Les officiers de justice s’arrêtèrent avec leur prisonnier dans une espèce de vestibule, et M. Glossin fut introduit dans le grand salon de chêne, vaste appartement dont les murailles étaient recouvertes de superbes boiseries, et décoré des antiques portraits de tous les ancêtres de sir Robert Hazlewood. L’homme nouveau, qui ne pouvait par son mérite faire oublier la bassesse de sa naissance, sentit son infériorité et montra, en saluant jusqu’à terre d’un air servile, que le laird d’Ellangowan n’avait pas encore perdu les primitives et humbles habitudes de l’ancien procureur. Il voulait se persuader à lui-même, il est vrai, qu’il n’agissait ainsi que pour satisfaire l’orgueil du baronnet et le faire tourner à son profit ; mais il s’abusait sur la nature de ses sentiments et se laissait influencer par ces mêmes préjugés dont il croyait se jouer.

Le baronnet reçut M. Glossin avec cette politesse affectée qui devait en même temps faire sentir son immense supériorité et montrer que c’était seulement par pure courtoisie qu’il voulait bien descendre de sa hauteur pour se mettre au niveau d’un homme ordinaire en causant familièrement avec lui. Il remercia Glossin de la peine qu’il se donnait dans une affaire qui touchait de si près le jeune Hazlewood ; et montrant ses portraits de famille, il ajouta avec un sourire gracieux : « En vérité, monsieur Glossin, ces vénérables seigneurs vous sont tous obligés autant que moi, pour les soins, les soucis et l’embarras que vous vous êtes donnés en leur considération ; et je n’en doute pas, s’ils pouvaient parler eux-mêmes, ils se joindraient à moi, monsieur, pour vous remercier du service que vous rendez à la maison d’Hazlewood, et du zèle, de l’empressement, de l’intérêt que vous apportez dans une affaire qui concerne un jeune homme qui doit perpétuer leur nom et leur famille. »
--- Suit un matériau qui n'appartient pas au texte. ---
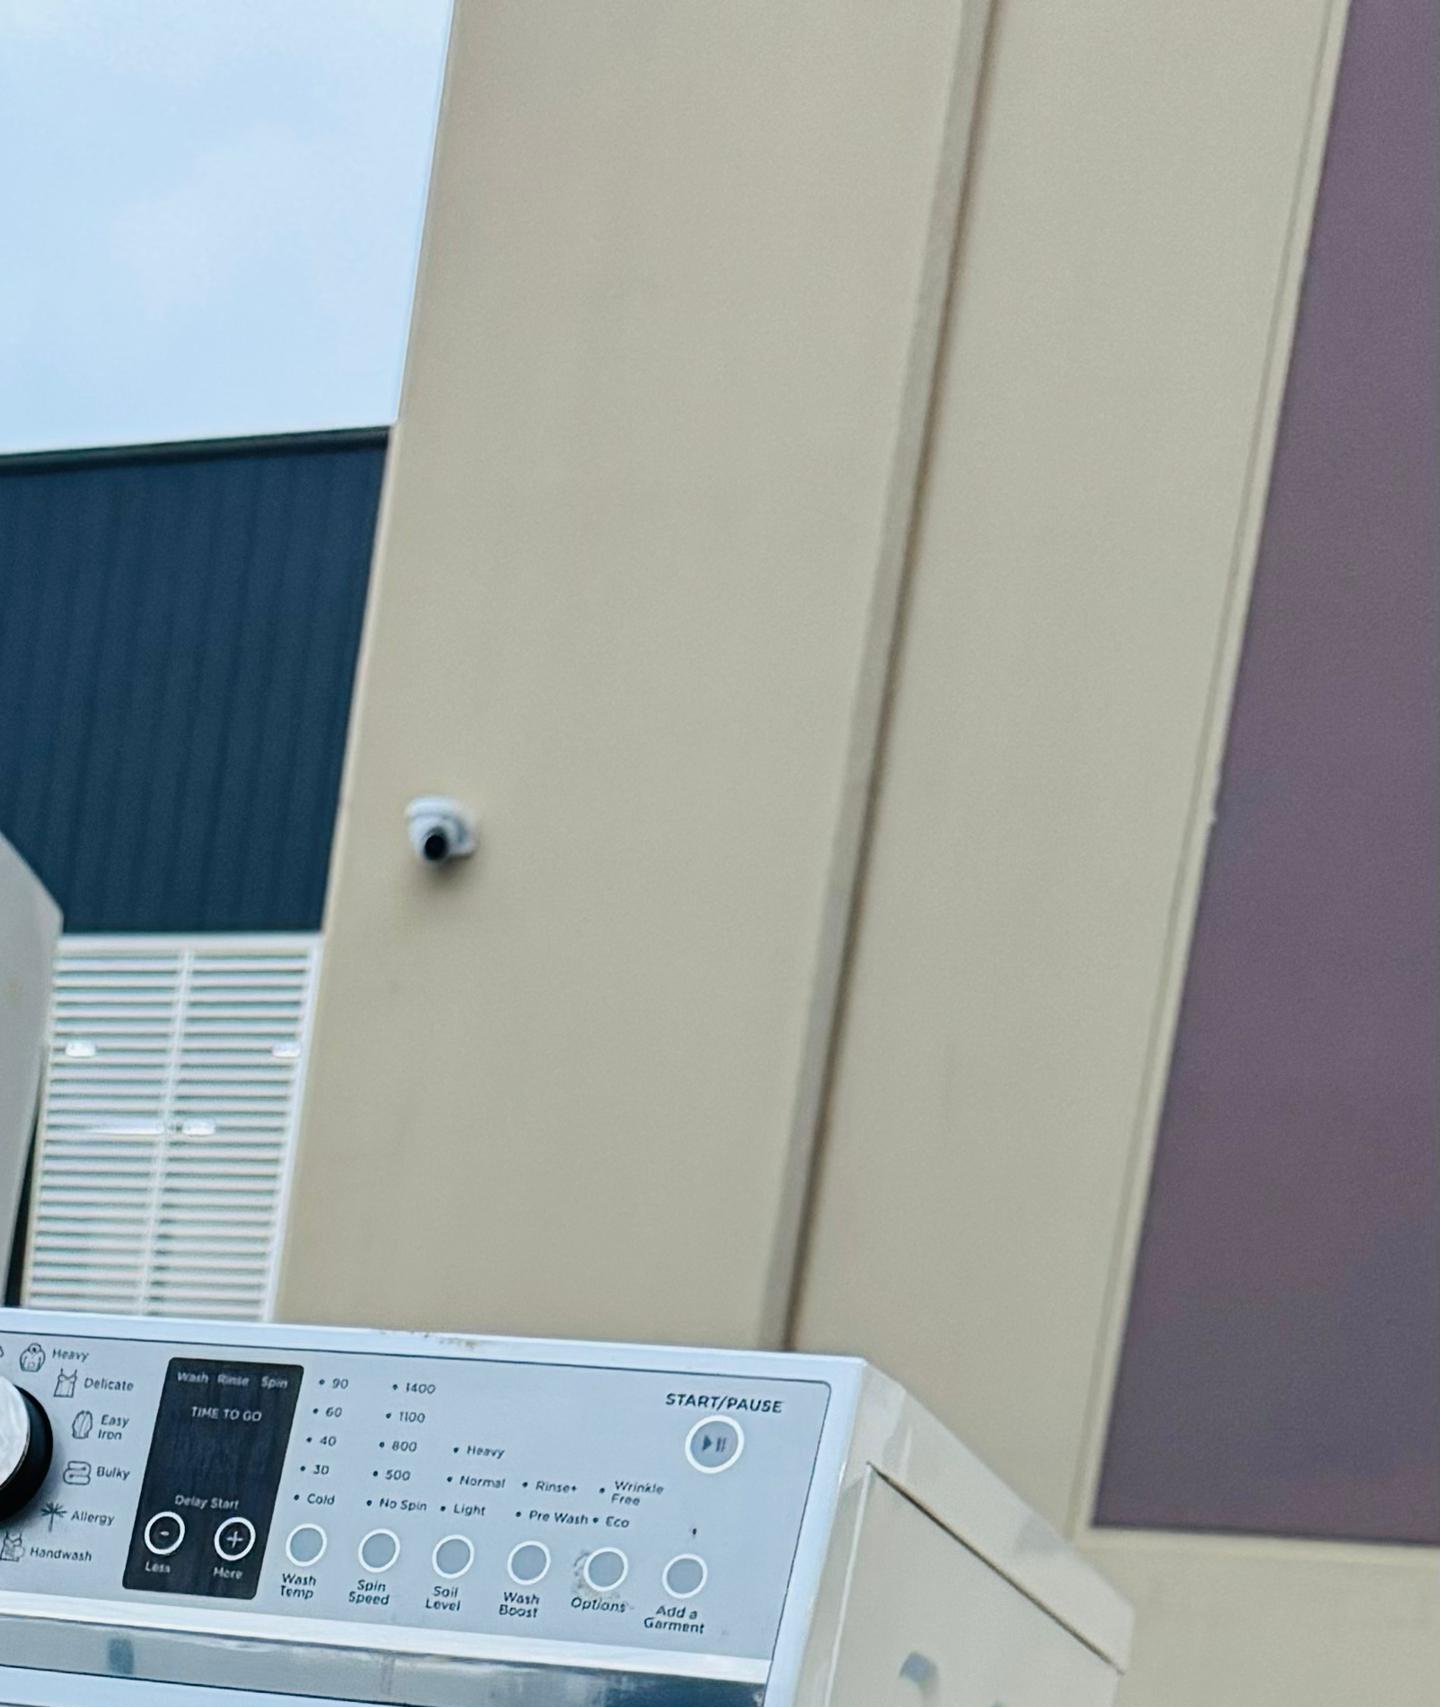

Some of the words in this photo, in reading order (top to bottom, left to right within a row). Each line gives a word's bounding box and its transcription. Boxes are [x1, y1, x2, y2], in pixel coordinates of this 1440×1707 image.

Glossin fit trois saluts, toujours de plus bas en plus bas ; un en l’honneur du chevalier qui se trouvait devant lui, le second par respect pour les paisibles personnages qui étaient suspendus à la boiserie, et le troisième par déférence pour le jeune homme qui devait perpétuer leur nom et leur famille. Tout roturier qu’était Glossin, sir Robert fut flatté de cet hommage, et il continua sur un ton de familiarité gracieuse : « Et maintenant, mon bon et excellent ami, vous me permettrez, dans la conduite de cette affaire, de profiter de vos lumières en jurisprudence. Je ne suis pas très habitué à remplir les fonctions de juge de paix ; cela va mieux aux gens dont les affaires de famille et les occupations domestiques n’exigent pas autant de soin, d’attention et de surveillance que les miennes. »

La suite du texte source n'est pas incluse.